Snake threw another safety rope up to Rug and he tied it around Piss Ant.  Rug couldn’t figure out where to tie it off now that the lightning rod was gone.  So he just lied and told Piss Ant it was secure. 
The motley drunks on the ground had grown to eleven equally drunk members.  They hoisted paint cans and brushes up to Rugburn.  Piss Ant had been ordered to paint a “good lookin’ nekked lady” on the barn roof on the side away from the highway. 
We were supposed to paint “Praise Jesus” on the side that faced the highway.  We thought that would throw off the cops.  P.A. was a good artist sober or drunk and we decided to paint Jesus with his open arms in a white robe and “Praise Jesus” under his open arms.
Piss Ant had worked as a sign painter for more than twenty years and he told people that’s why he always had a pint of vodka in his back pocket.  He’d say, “You know it cuts the phlegm from the paint fumes.” 
He could freehand anything and had never had an art lesson.
Roach had said, “No sense in getting the cops in here ‘cause some goddamn holy roller complains about our roof”. 
One of Roach’s ladies had laid on her sofa and posed naked and he photographed her with a Polaroid camera so Piss Ant would have something to go by.  
Roach kept shouting up to Piss Ant, “Don’t forget the tattoo”.  All of the Saints’ ladies were required to be tattooed with a statement announcing which Saint held title to her body.  Most of these ownership tattoos were made on an ass cheek or the lower back or on a thigh. 
Roach had designed the tattoo on the back of a cocktail napkin.  The words were circled by an inner circle of daggers surrounded by four doves.  None of the members were willing to tell him the design looked ridiculous.  The women all hated it.
Roach had several ladies.  The lady in the barn roof painting, Stephanie, was called “Staph” by the close knit tribe of bikers and her tattoo read “Property of Roach”.  Her tattoo was actually on her inner right thigh but Roach told Piss Ant to paint it on her lower belly right below her navel where everybody could see it. 
Little Dick’s woman, Fat Linda, was embarrassed by her tattoo because Little Dick literally had a Little Dick.  Her tattoo was on her wrist.  She refused to let the tattoo artist see her naked fat.  There was far too much fat on her ass and thighs.  She would try to adorn her wrist with cheap plastic bracelets, anything to hide that “fucking tattoo”.
Piss Ant did a beautiful job.  Staph looked way better in the roof painting than she did in person.  Someone on the ground commented, “Staph looks better than a Playboy centerfold.”
Roach countered, “Goddam right she does.  She’s my woman and I deserve the best pussy in Chester County.”
We all gathered under the roof and partied.  The women came over and everyone bragged about how Staph was so beautiful.  It got Roach turned on and he took Staph inside the house.

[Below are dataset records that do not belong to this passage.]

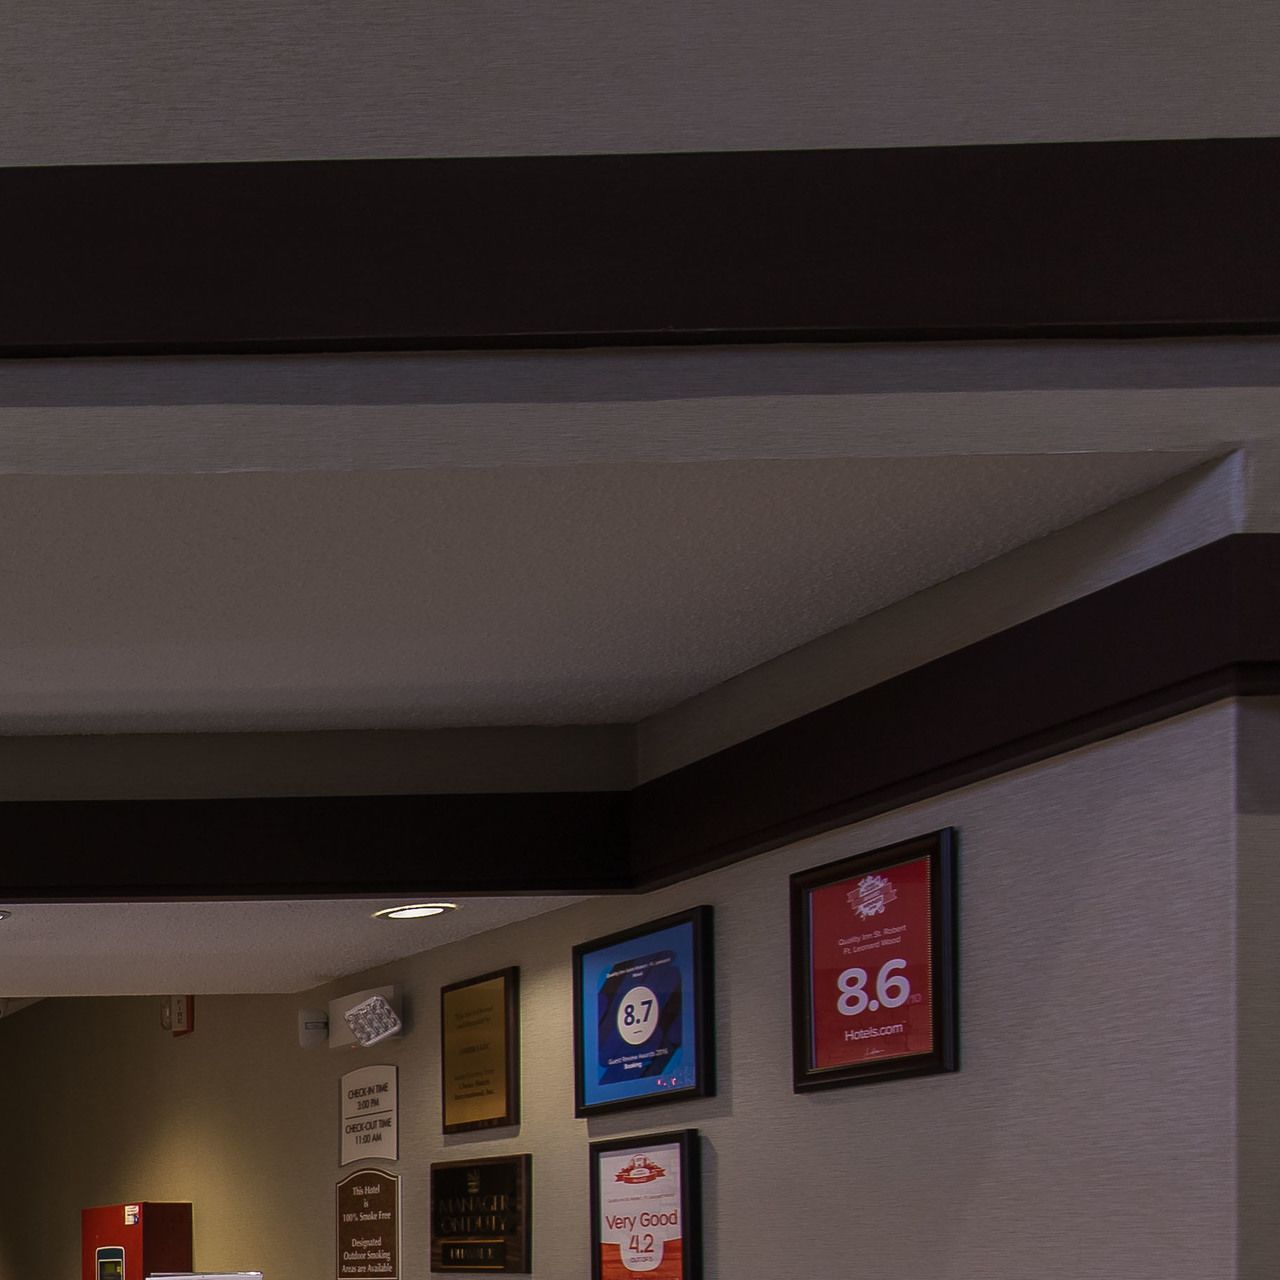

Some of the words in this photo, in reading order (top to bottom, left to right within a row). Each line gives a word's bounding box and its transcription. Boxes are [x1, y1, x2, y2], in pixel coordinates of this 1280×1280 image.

[837, 958, 910, 1016] 8.6
[624, 999, 654, 1026] 8.7
[845, 1024, 903, 1041] Hotels.com
[347, 1086, 375, 1099] CHECK-IN
[375, 1082, 389, 1092] TIME
[357, 1100, 369, 1110] 3:00
[371, 1098, 379, 1107] PM
[345, 1120, 377, 1134] CHECK-OUT
[378, 1118, 392, 1128] TIME
[355, 1134, 371, 1144] 11:00
[372, 1132, 382, 1143] AM
[352, 1186, 363, 1195] This
[364, 1184, 380, 1194] Hotel
[343, 1213, 358, 1222] 100%
[360, 1211, 377, 1221] Smoke
[378, 1211, 391, 1220] Free
[605, 1215, 636, 1232] Very
[640, 1209, 677, 1227] Good
[352, 1236, 382, 1249] Designated
[629, 1234, 654, 1253] 4.2
[343, 1251, 366, 1260] Outdoor
[367, 1250, 391, 1261] Smoking
[342, 1265, 356, 1273] Areas
[357, 1265, 366, 1273] are
[368, 1263, 392, 1273] Available
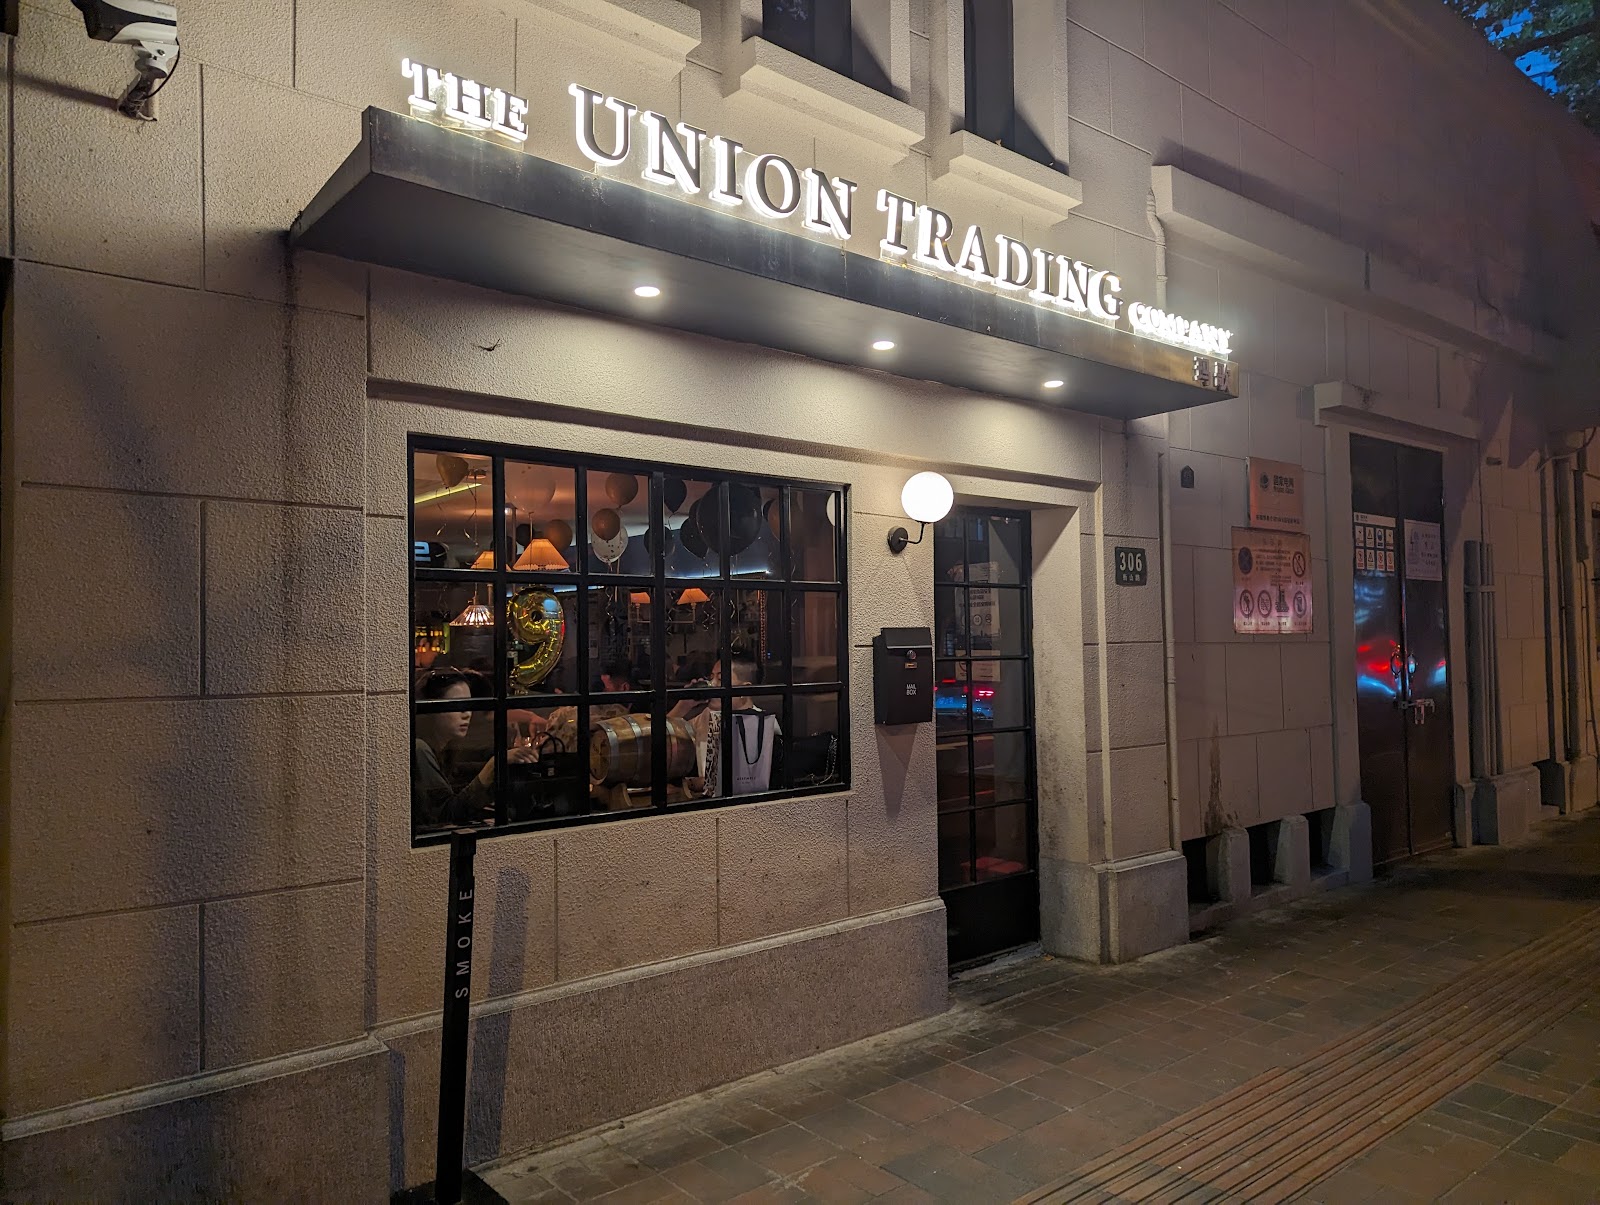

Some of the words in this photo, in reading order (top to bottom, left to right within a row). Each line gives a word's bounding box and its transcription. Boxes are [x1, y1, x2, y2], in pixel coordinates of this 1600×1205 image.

Staph came back outside in about ten minutes. 
“Roach had more of those chest pains.  I told him to keep his pants on.  I gave him a handful of Tums.  Told him I’d give him a good fuck when he felt better.  I knew he wouldn’t be able to get a good hard on.  He probably just has a bad case of indigestion.”  She didn’t mention that Roach hadn’t had an erection in about six months.  He was club president and she didn’t want to embarrass him.
 The rest of us decided to have a cook out and we sent some prospects to get some hot dogs and hamburger.  We told them to get two more quarts of Yukon Jack and three cases of beer.
They returned with the beer, the booze and about a bushel of white corn they bought from an Amish roadside stand. 
We gathered around and shucked the corn while Misfit started the fire and filled a wash tub with water. 
“God, that corn was good.”
Roach never came out.  He slept until 11:00 AM the next morning.